But it didn’t work out. “My head wasn’t where it needed to be,” she explains. She pulled out freshman year and got a job working for the City of Milwaukee’s engineering department. “I started working with a slew of engineers, and the only thing that separated me from those guys was that piece of paper,” she says. “It became a hindrance.”
By then her father and significant other had both passed away. “It made me realize that life’s too short not to pursue your dreams,” Williams says. She decided to return to MSOE to begin her 12-year journey of completing her bachelor’s degree, squeezing in classes over her lunch hour while juggling a full-time job and raising her 3-year-old son by herself. Sometimes she’d bring her little boy with her to class or to study at the library in the evenings, and she used her six weeks of vacation to fit in an internship. “There were a lot of 14- or 15-hour days,” she says.
But it was worth it.
“MSOE is kind of like a family. It’s not a huge university where you get lost in the mix. Your counselor is like your mom or your auntie, and they’re there for you when you’re having difficulties. Being able to have that relationship with a lot of the educators there is really special,” she says. “Even the students are very supportive and inclusive. You don’t really have your in and out crowds; everyone is working toward the same goals.”
In 2015, at age 37, she graduated with her bachelor’s degree in actuarial science, becoming MSOE’s first graduate of the then-new program.
“It’s a strenuous program, but when you go to job interviews and say you went to MSOE, people kind of raise their eyebrows. Just to have that level of respect for the institution you graduated from is really great,” Williams says. “And once you’ve been in a program like MSOE’s, it trains you to think differently. You know how to ask the right questions, identify the problem and understand the different ways to solve it. That puts you ahead of a lot of other people.”
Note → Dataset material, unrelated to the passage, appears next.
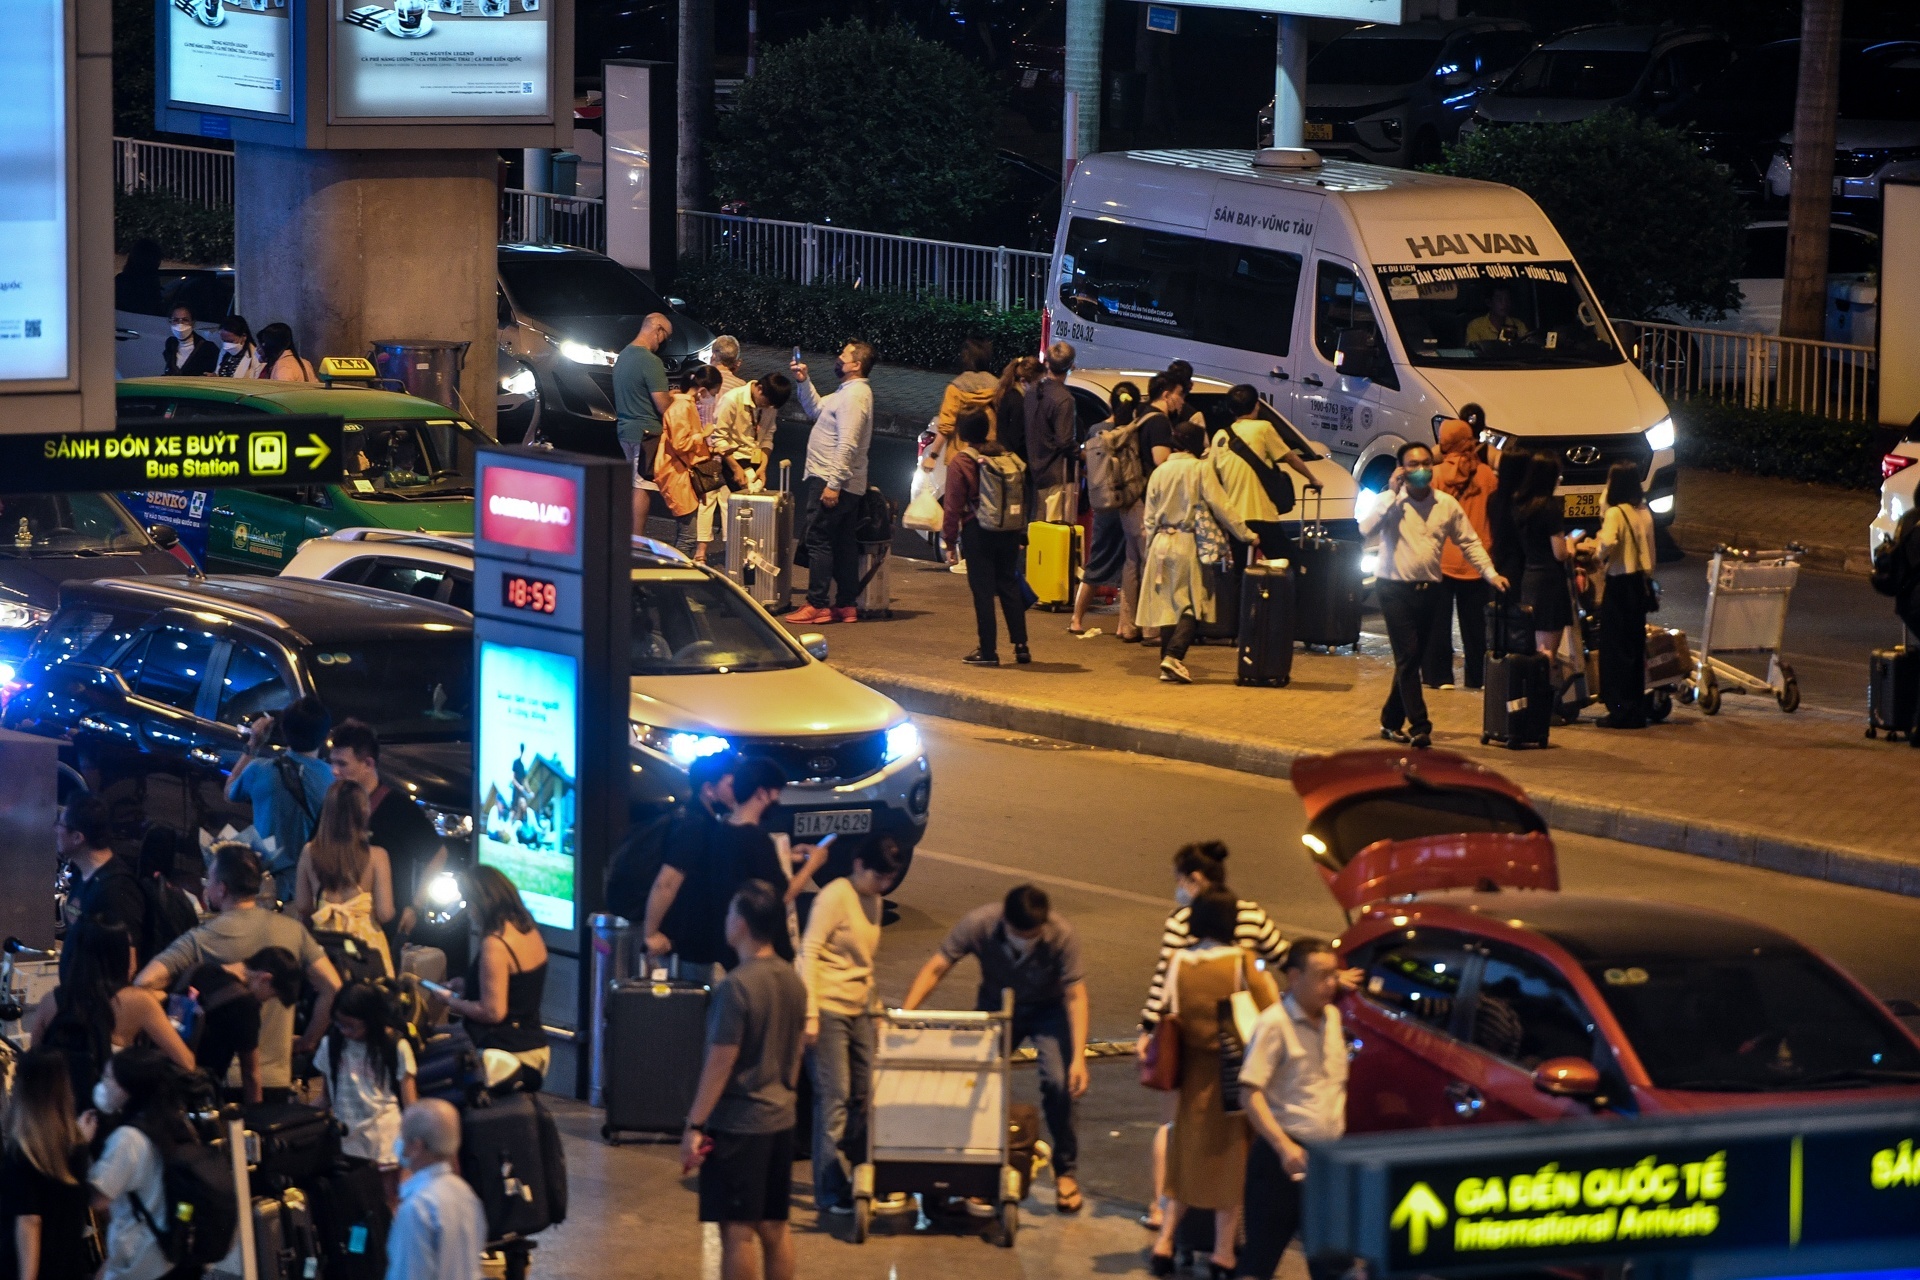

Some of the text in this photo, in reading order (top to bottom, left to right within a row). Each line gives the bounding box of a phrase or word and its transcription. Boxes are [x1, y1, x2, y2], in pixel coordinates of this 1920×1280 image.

She started working at Harley-Davidson but wanted a position that used more of her math skills. Today she’s an operations analyst for HellermannTyton North America, a job she found with help from MSOE’s Career Services Center.
“It’s a new position for the company, so the possibilities are endless,” she says. “Math is not everybody’s strong suit. It’s kind of like a foreign language for a lot of people, so being able to be good at math and communicate that to other people is very invigorating and satisfying. I’m dealing with people, dealing with numbers, solving problems. It’s my dream job.”
All those childhood years on the MSOE campus must have rubbed off because her son, John, followed in her footsteps, graduating from high school at 16 before joining MSOE’s actuarial science program. A year later, Williams returned to MSOE for her MBA. “I thought it would be cool to go to school with my son,” she says. “I know at MSOE, I’m getting my money’s worth and will learn to be a force.”
And now she and her son meet up for study sessions on campus.
“He’s finishing his first quarter as a freshman, and he loves it,” she says. “We go to the library and study together. It’s kind of a competition right now to see who can get a 4.0.”
Spoiler alert: She won the bet.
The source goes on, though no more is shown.